#### [Work to complete]
Please restate the data that follows word for word, with the pictures left out.
★ ★ ★ ★
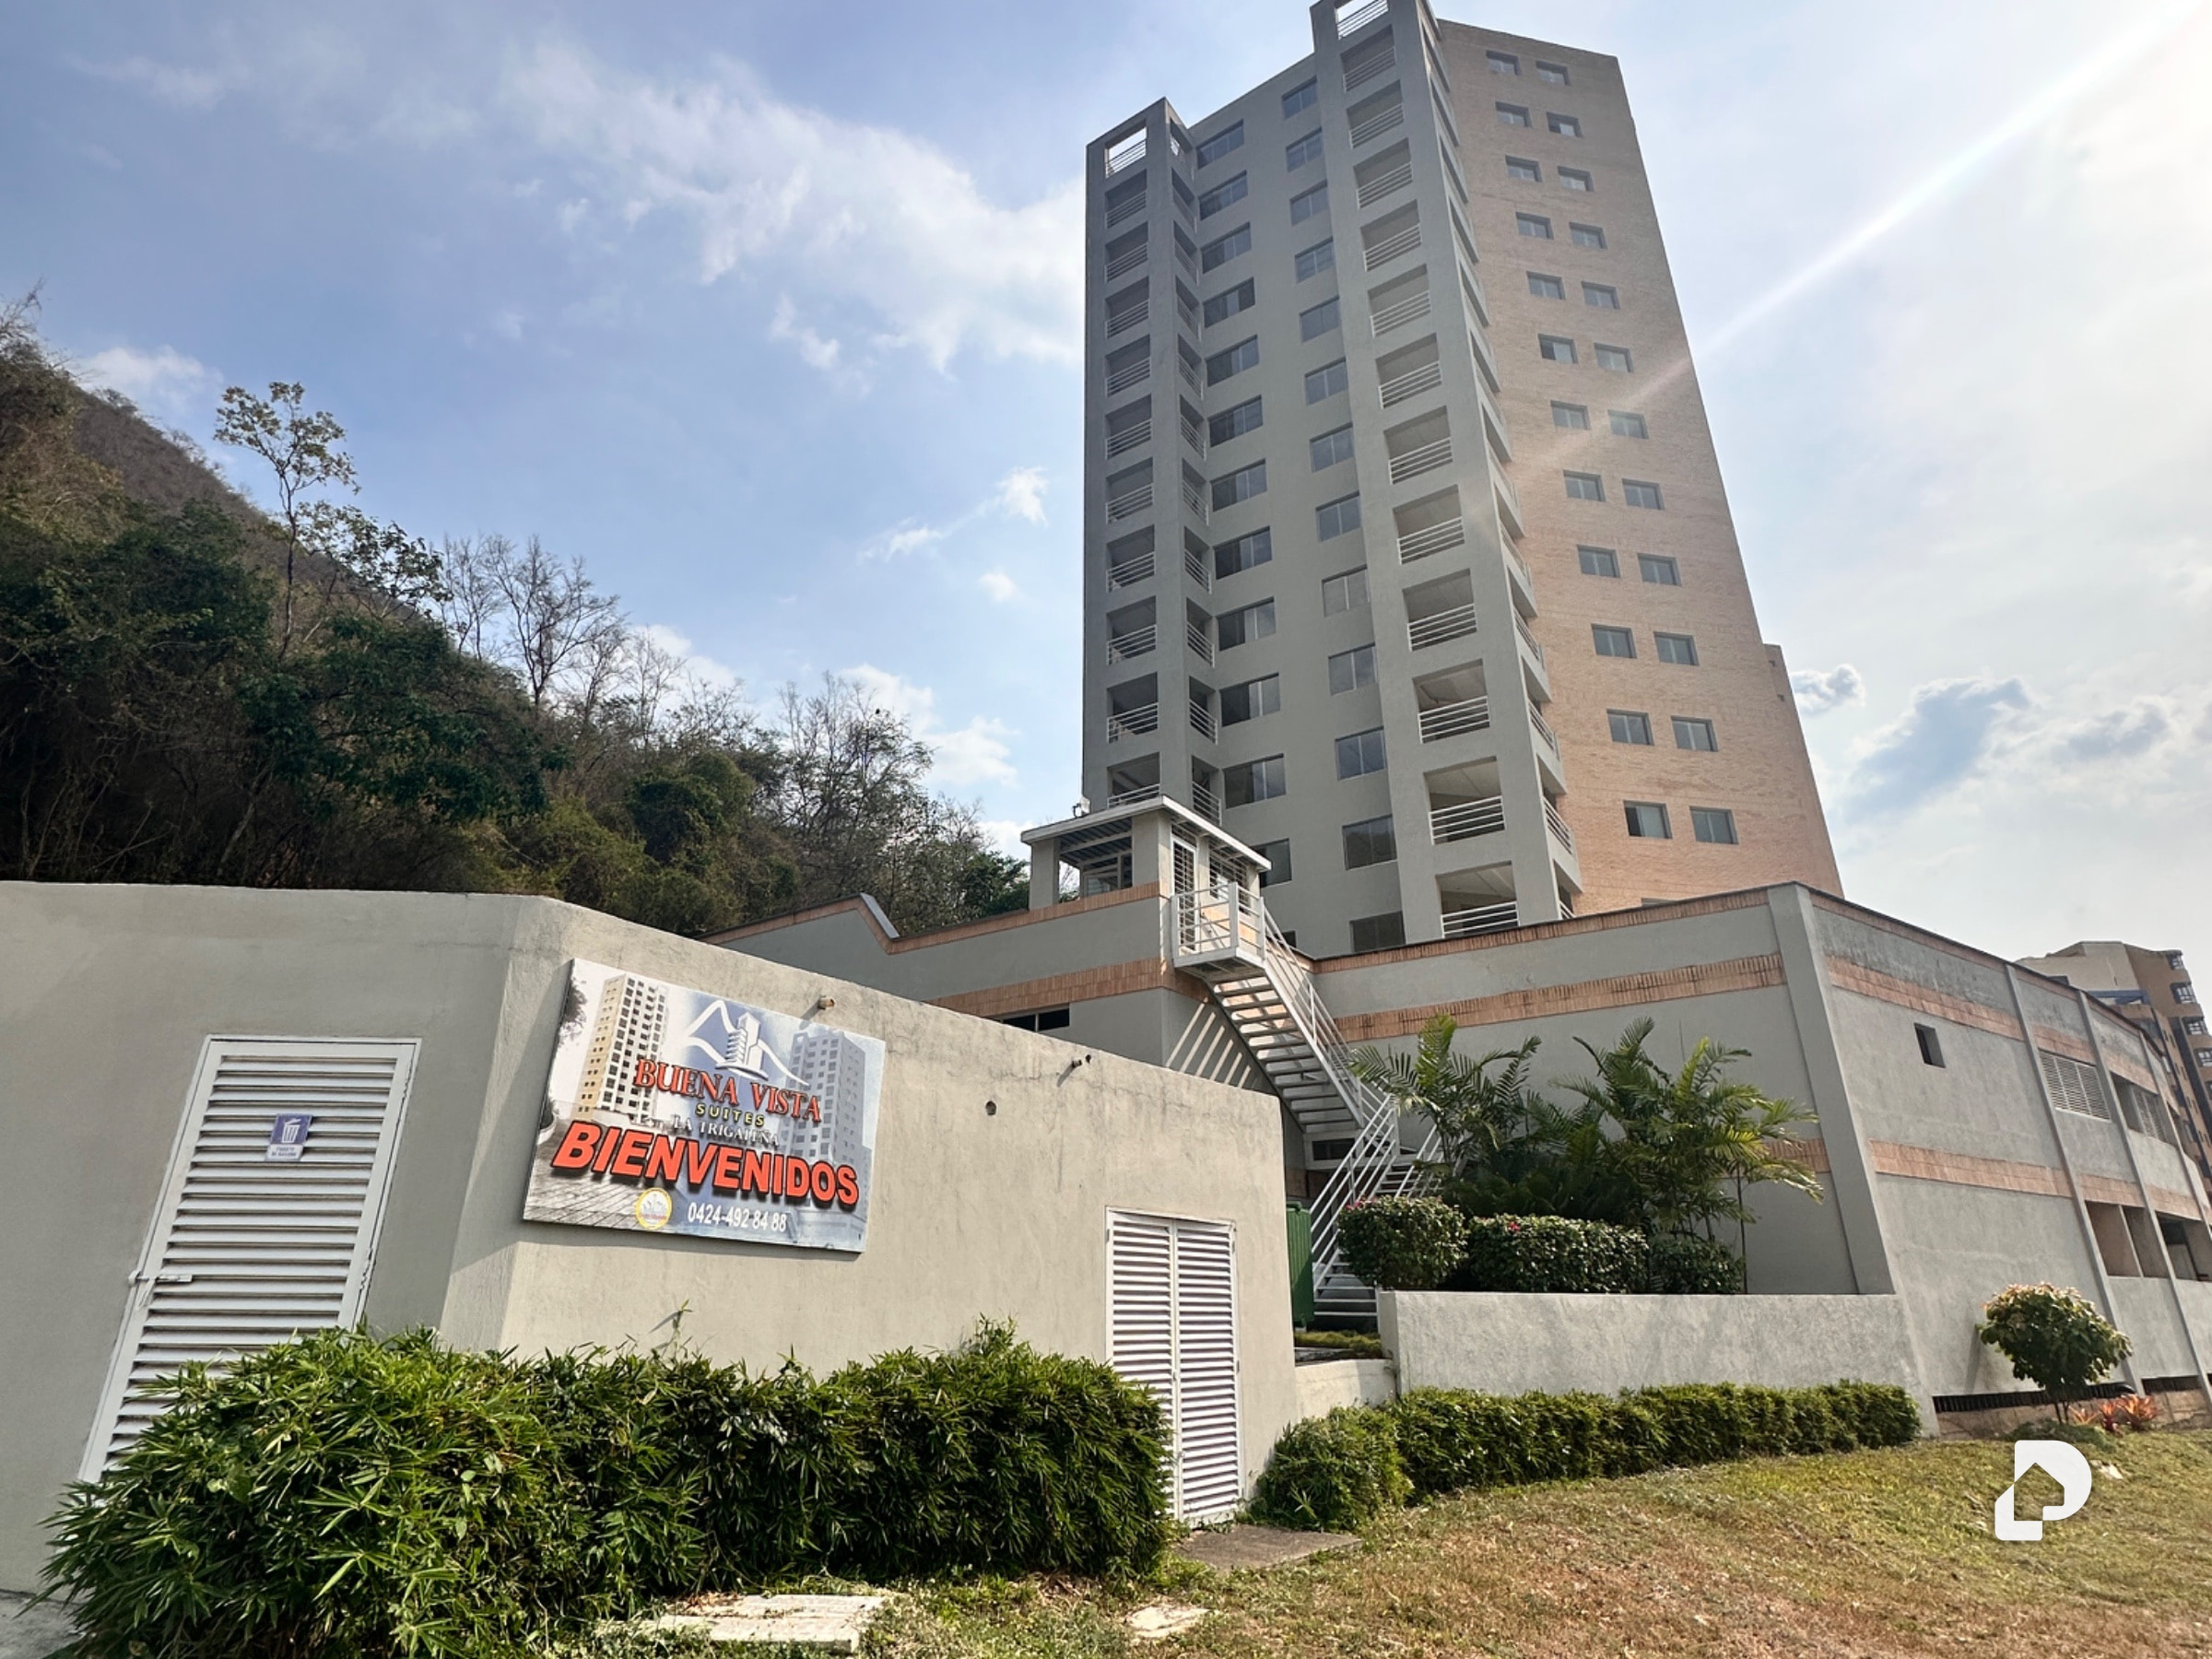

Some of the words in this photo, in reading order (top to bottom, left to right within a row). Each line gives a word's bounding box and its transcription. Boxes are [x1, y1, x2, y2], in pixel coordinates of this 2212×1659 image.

[632, 1059, 739, 1105] BUENA
[750, 1082, 821, 1123] VISTA
[695, 1102, 765, 1126] SUITES
[552, 1120, 860, 1206] BIENVENIDOS
★ ★ ★ ★
#### [Answer space]
Some of the words in this photo, in reading order (top to bottom, left to right within a row). Each line gives a word's bounding box and its transcription. Boxes are [x1, y1, x2, y2], in pixel coordinates of this 2212×1659 image.

[632, 1059, 739, 1105] BUENA
[750, 1082, 821, 1123] VISTA
[695, 1102, 765, 1126] SUITES
[552, 1120, 860, 1206] BIENVENIDOS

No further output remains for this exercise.